Al centro della sua teoria vi è l’idea che ogni individuo sia una unità irripetibile, orientata fin dall’infanzia verso uno scopo ed impegnata nel tentativo di dare senso alla propria esperienza. Il senso di inferiorità, vissuto universalmente, non è patologico in sé: diventa invece una forza evolutiva quando si traduce in movimento (“ad gredior”= andare verso), crescita e ricerca di compensazione creativa. Quando, però, si irrigidisce o si amplifica, può generare vissuti di inadeguatezza e strategie disfunzionali.

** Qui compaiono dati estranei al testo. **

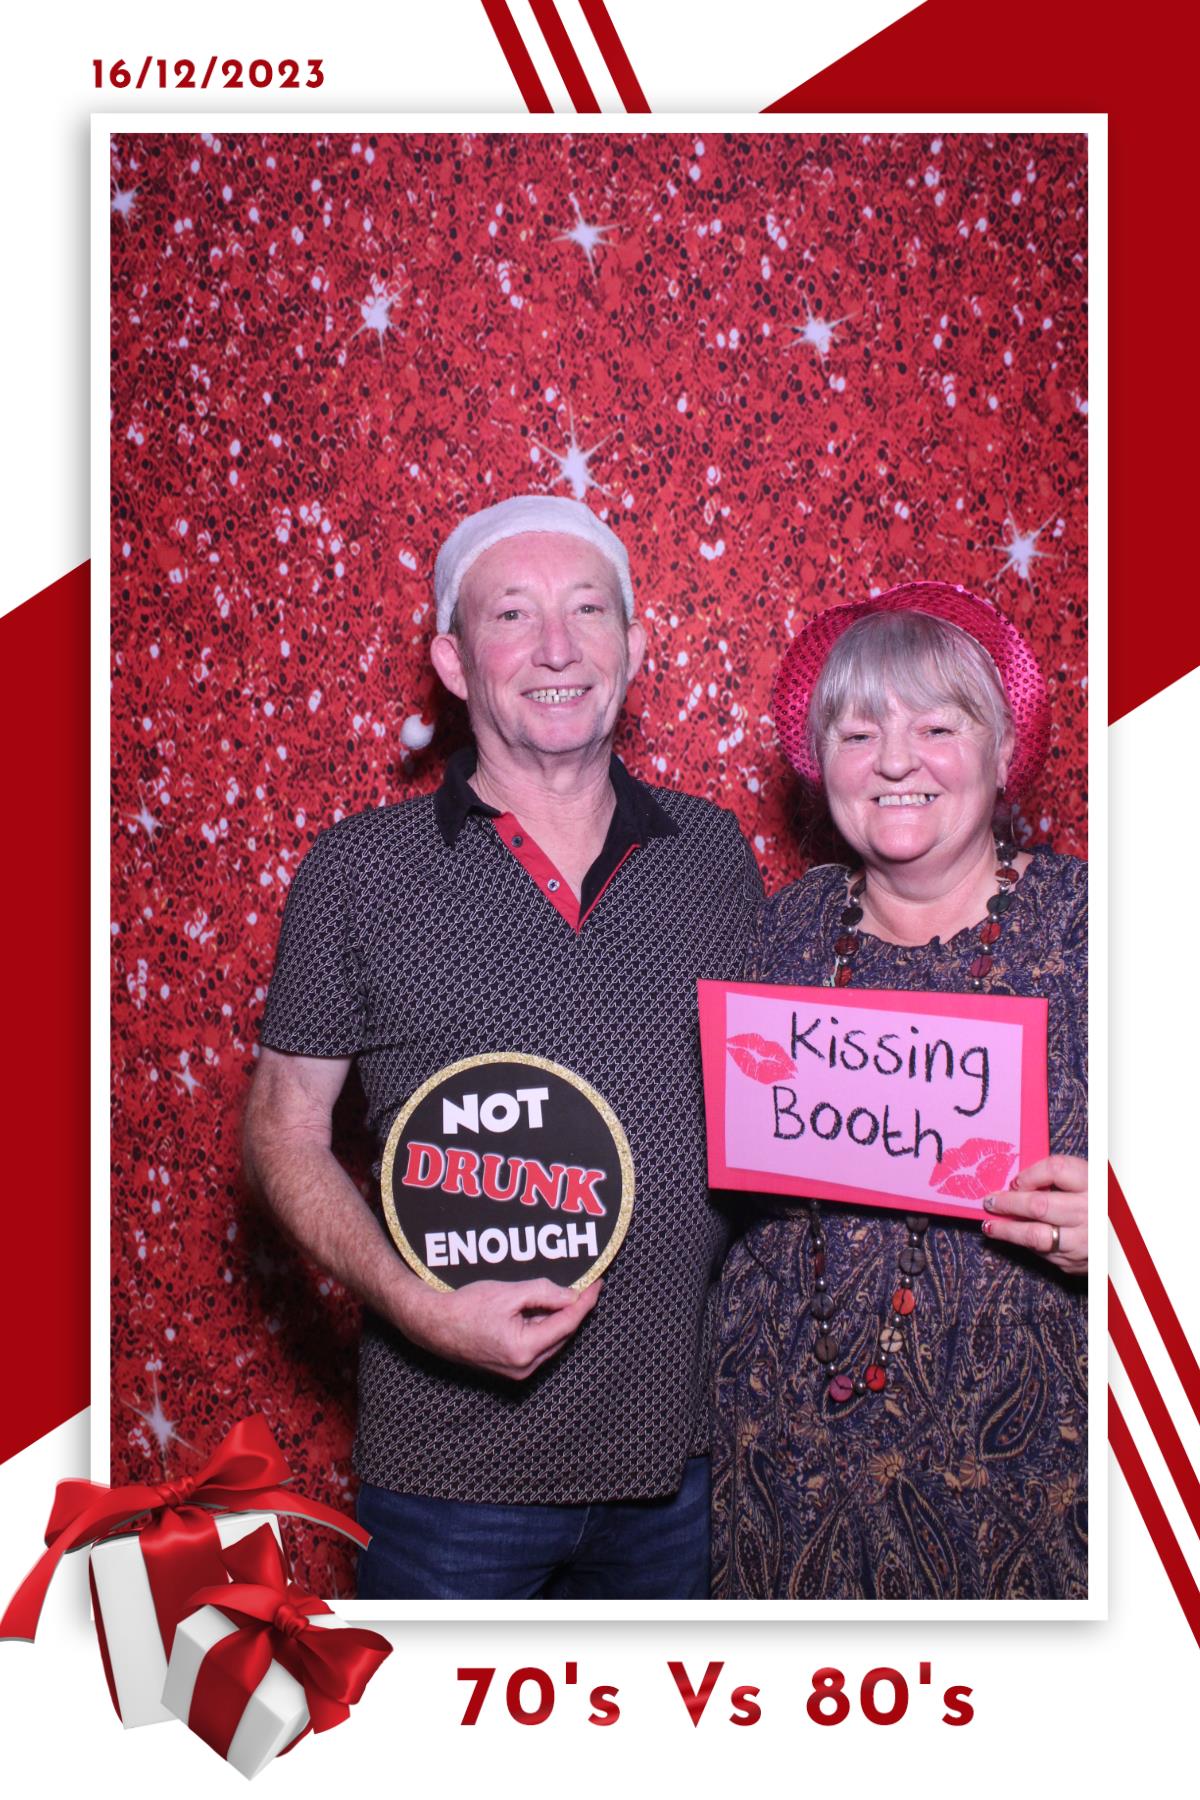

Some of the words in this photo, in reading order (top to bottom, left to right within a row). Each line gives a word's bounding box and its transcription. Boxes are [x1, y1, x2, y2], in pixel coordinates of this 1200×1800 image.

[790, 1011, 990, 1117] Kissing
[442, 1087, 549, 1135] NOT
[772, 1085, 944, 1164] Booth
[401, 1141, 607, 1217] DRUNK
[424, 1221, 599, 1268] ENOUGH

Fondamentale è anche il concetto di sentimento sociale, cioè la capacità di sentirsi parte di una comunità umana e di orientarsi alla cooperazione.
Per Adler, il benessere psicologico si misura proprio nella qualità del legame con gli altri e nella capacità di contribuire in modo attivo e costruttivo alla vita sociale.

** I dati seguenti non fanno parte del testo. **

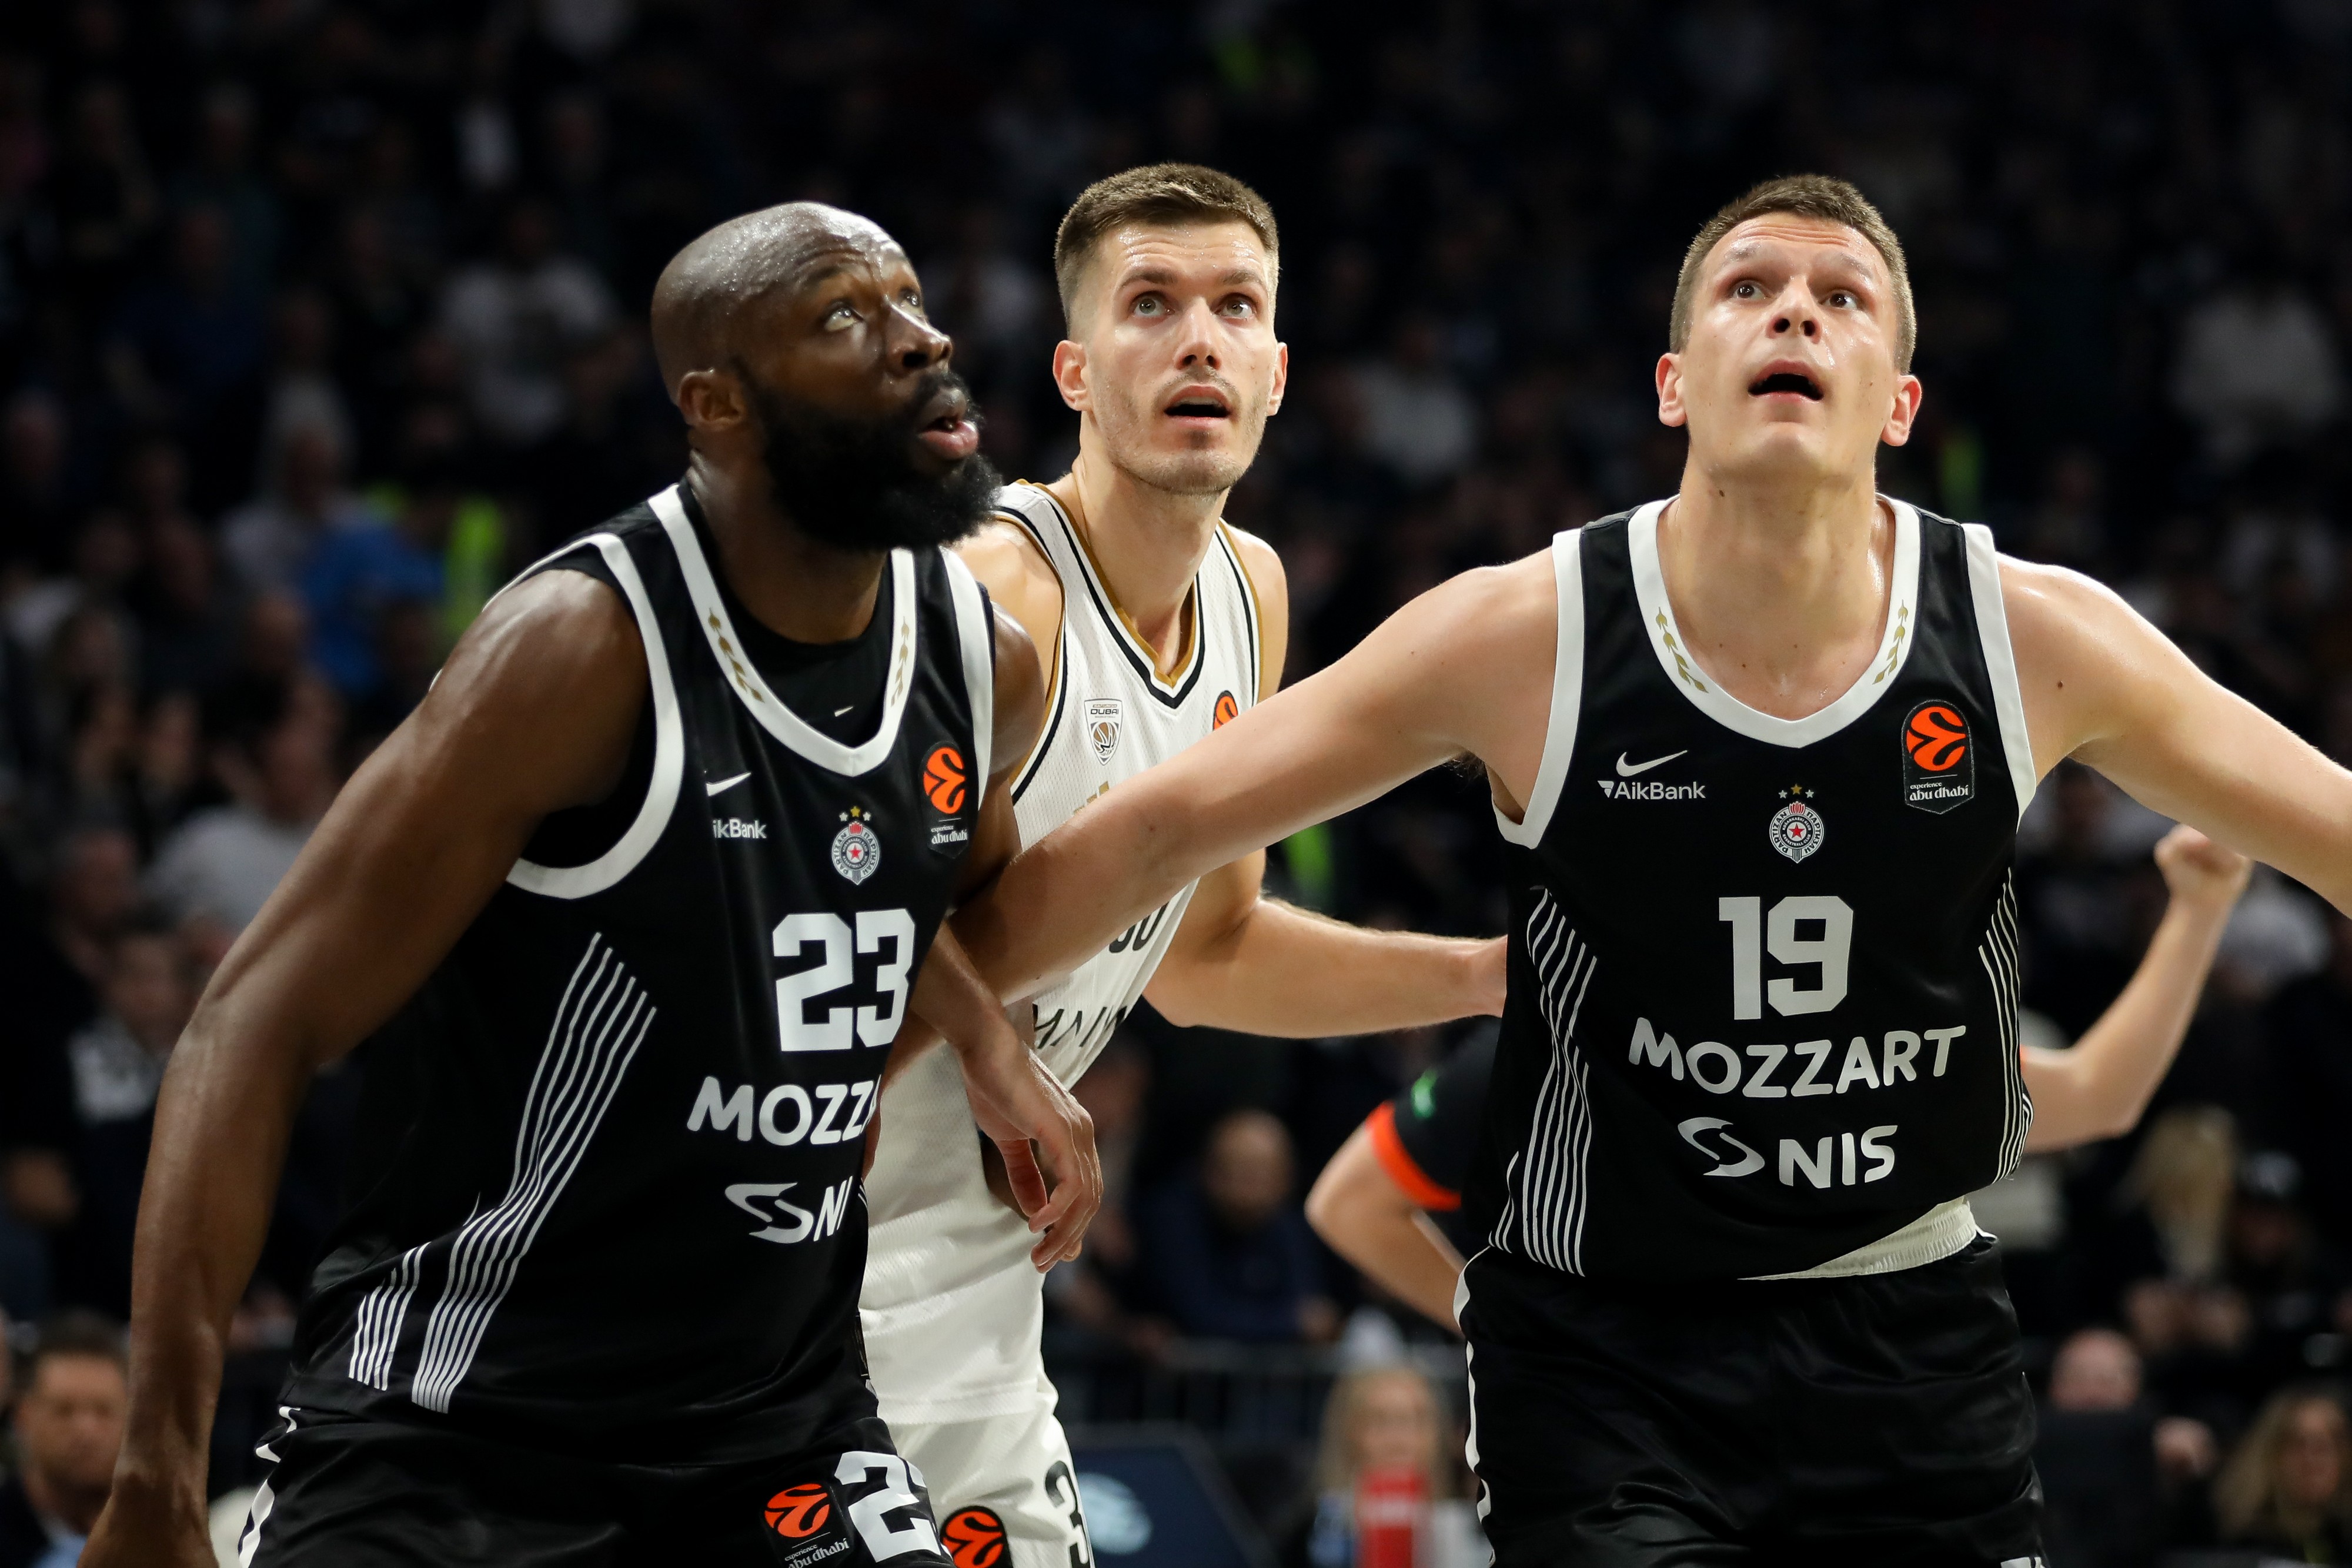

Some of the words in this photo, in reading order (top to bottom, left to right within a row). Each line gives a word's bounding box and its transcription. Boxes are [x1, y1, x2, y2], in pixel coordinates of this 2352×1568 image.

In questa prospettiva, la creatività personale assume un ruolo centrale: ogni individuo costruisce il proprio stile di vita attraverso interpretazioni soggettive, compensazioni e scelte che danno una forma unica alla sua esistenza

Approccio centrato sul senso di comunità e la relazione con l’Altro
Favorisce la connessione con gli altri, rafforzando il supporto sociale e migliorando la qualità della vita.
Focalizzazione sugli obiettivi individuali
Aiuta a definire e raggiungere mete personali che valorizzano la crescita e l’autostima.
Tecniche terapeutiche personalizzate
Utilizza metodi specifici per ogni individuo, facilitando cambiamenti duraturi e consapevoli nel proprio percorso.
Il Metodo Adleriano
Scopri come la Psicoterapia Adleriana guida il percorso di crescita personale, partendo dalla comprensione delle proprie motivazioni fino al raggiungimento di un equilibrio emotivo e sociale.
Fase Uno: Consapevolezza
In questa fase iniziale, si esplora la propria storia e i modelli comportamentali per comprendere le radici delle difficoltà attuali.
Fase Due: Intervento
Attraverso tecniche specifiche, si lavora sul cambiamento degli schemi disfunzionali, favorendo l’autonomia e il senso di appartenenza.
Fase Tre: Crescita e Integrazione
Questa fase finale consolida i progressi, aiutando a integrare nuove abilità nella vita quotidiana per un benessere duraturo.